Dataset extract
=-=-=
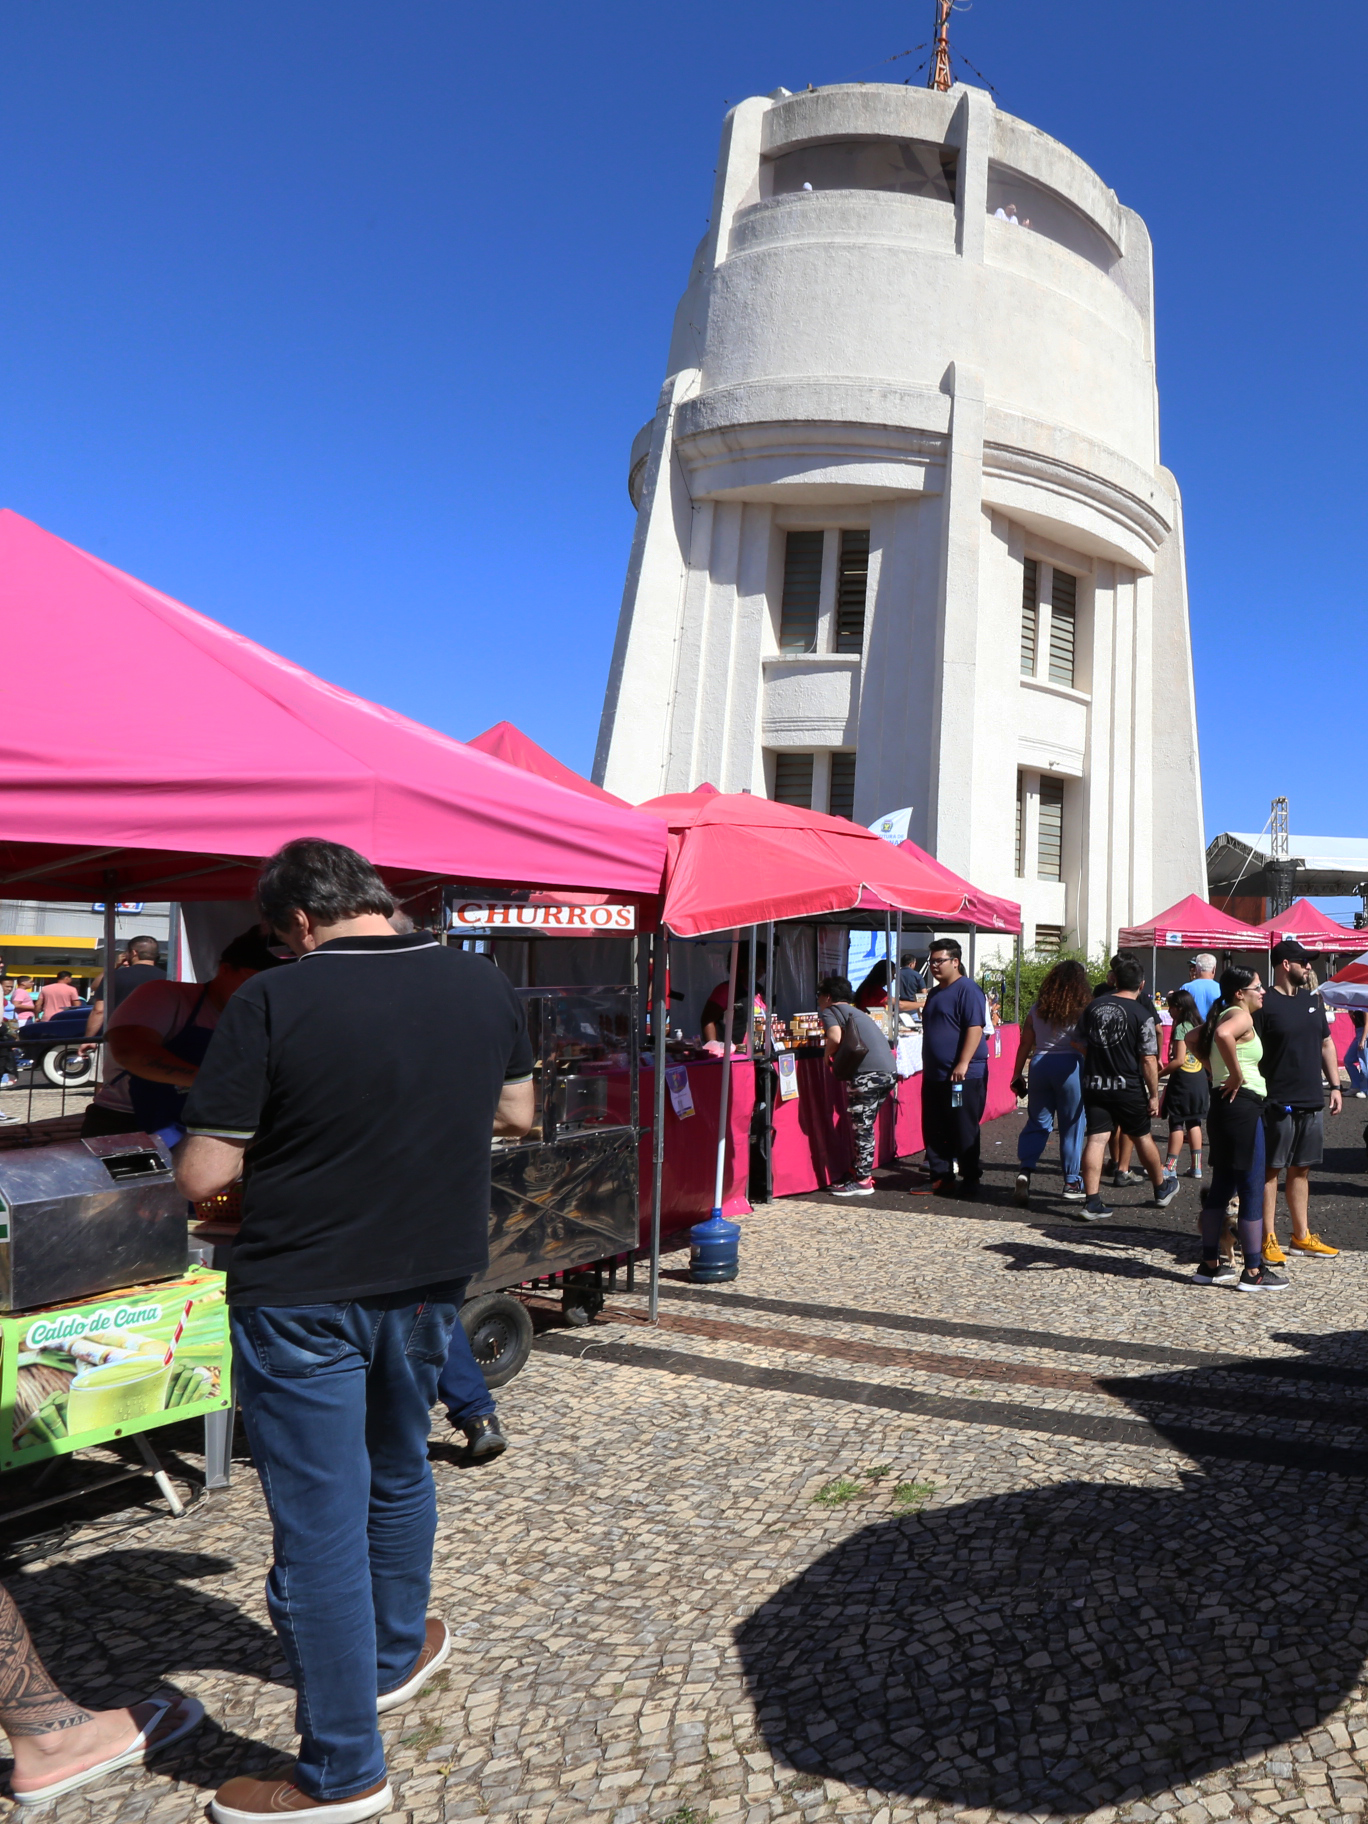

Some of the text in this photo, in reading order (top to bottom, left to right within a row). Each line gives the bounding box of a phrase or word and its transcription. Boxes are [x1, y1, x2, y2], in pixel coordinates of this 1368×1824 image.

[457, 903, 631, 926] CHURROS
[32, 1308, 157, 1344] Caldo de Cana
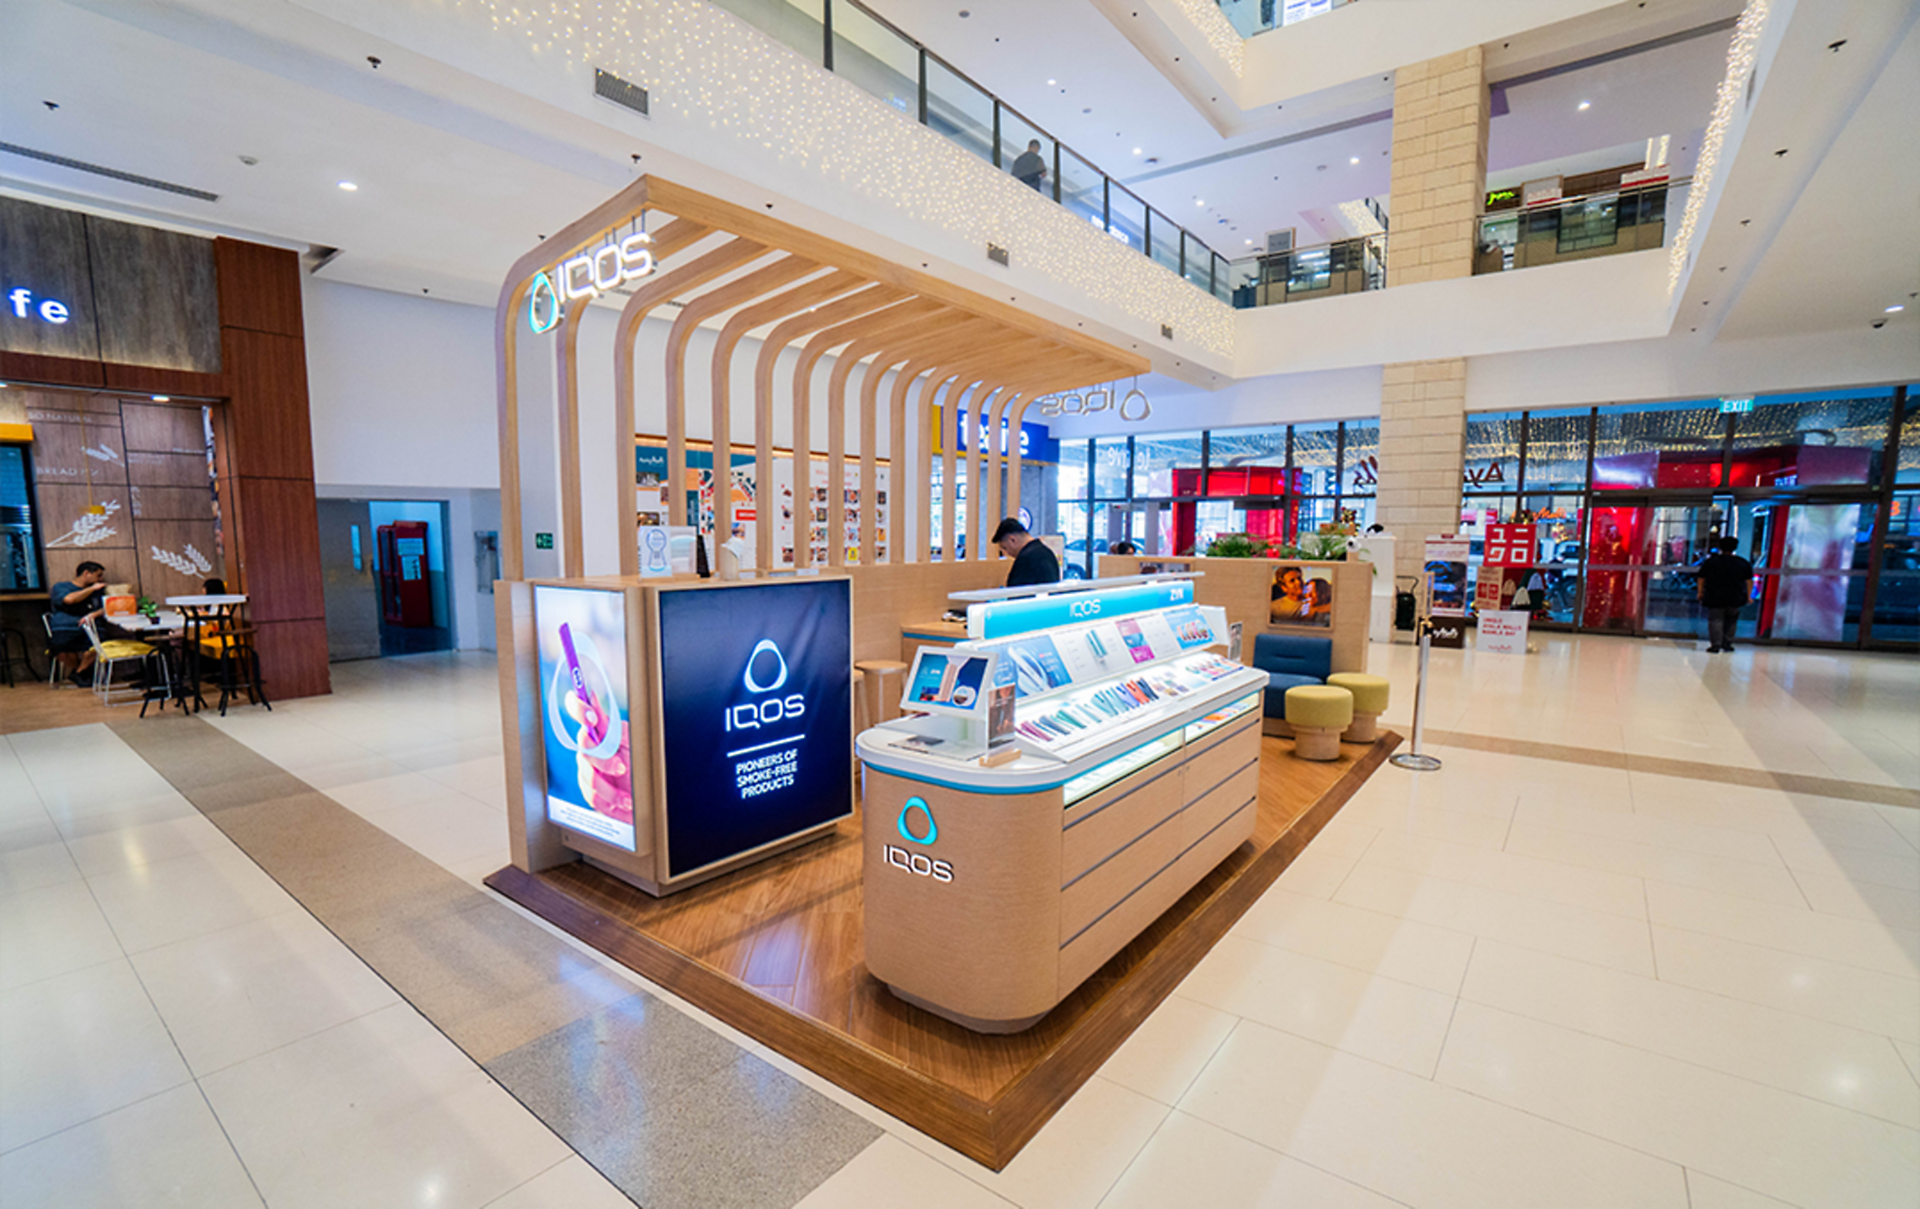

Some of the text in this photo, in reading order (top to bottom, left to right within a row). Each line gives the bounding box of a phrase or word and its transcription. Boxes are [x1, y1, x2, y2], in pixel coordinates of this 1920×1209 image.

[556, 231, 654, 303] IQOS
[9, 288, 69, 324] fe
[1723, 400, 1750, 413] EXIT
[1069, 599, 1101, 617] IQOS
[725, 693, 805, 732] IQOS
[736, 748, 798, 775] PIONEERS OF
[737, 761, 798, 788] SMOKE-FREE
[741, 774, 794, 799] PRODUCTS
[883, 844, 953, 883] IQOS
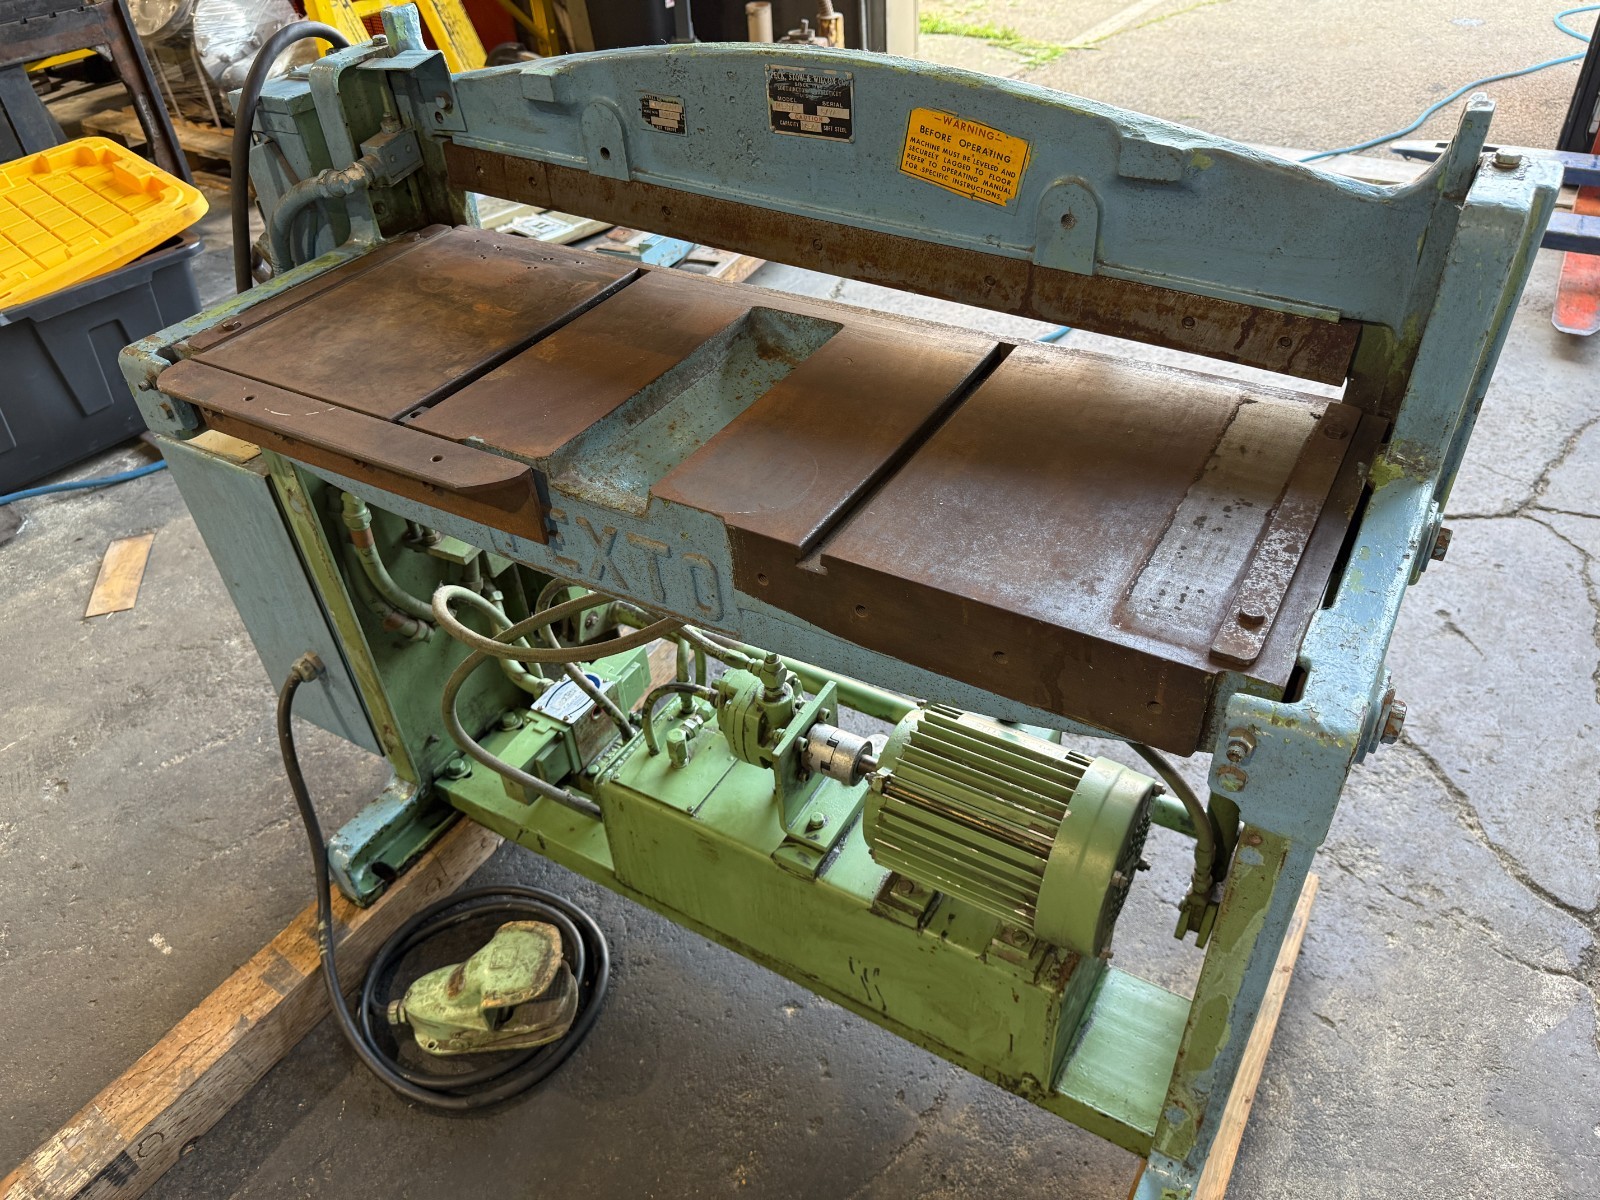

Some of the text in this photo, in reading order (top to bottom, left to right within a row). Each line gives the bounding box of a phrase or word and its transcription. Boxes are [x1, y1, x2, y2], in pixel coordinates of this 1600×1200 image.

[779, 119, 800, 128] CAPACITY
[908, 144, 940, 161] SECURELY
[943, 153, 971, 172] LAGGED
[974, 167, 984, 176] TO
[909, 136, 1016, 179] MACHINE MUST BE LEVELED AND
[919, 124, 1012, 164] BEFORE OPERATING
[904, 160, 918, 171] FOR
[921, 167, 949, 182] SPECIFIC
[906, 152, 1012, 195] REFER TO OPERATING MANUAL
=-=-=
Problem details
Omit the pictures, and quote the material above exactly as given.

Written response
Some of the text in this photo, in reading order (top to bottom, left to right within a row). Each line gives the bounding box of a phrase or word and its transcription. Boxes are [x1, y1, x2, y2], in pixel coordinates of this 1368×1824 image.

[457, 903, 631, 926] CHURROS
[32, 1308, 157, 1344] Caldo de Cana

Some of the text in this photo, in reading order (top to bottom, left to right within a row). Each line gives the bounding box of a phrase or word and its transcription. Boxes are [x1, y1, x2, y2], in pixel coordinates of this 1920×1209 image.

[556, 231, 654, 303] IQOS
[9, 288, 69, 324] fe
[1723, 400, 1750, 413] EXIT
[1069, 599, 1101, 617] IQOS
[725, 693, 805, 732] IQOS
[736, 748, 798, 775] PIONEERS OF
[737, 761, 798, 788] SMOKE-FREE
[741, 774, 794, 799] PRODUCTS
[883, 844, 953, 883] IQOS

Some of the text in this photo, in reading order (top to bottom, left to right within a row). Each line gives the bounding box of a phrase or word and its transcription. Boxes are [x1, y1, x2, y2], in pixel coordinates of this 1600×1200 image.

[779, 119, 800, 128] CAPACITY
[908, 144, 940, 161] SECURELY
[943, 153, 971, 172] LAGGED
[974, 167, 984, 176] TO
[909, 136, 1016, 179] MACHINE MUST BE LEVELED AND
[919, 124, 1012, 164] BEFORE OPERATING
[904, 160, 918, 171] FOR
[921, 167, 949, 182] SPECIFIC
[906, 152, 1012, 195] REFER TO OPERATING MANUAL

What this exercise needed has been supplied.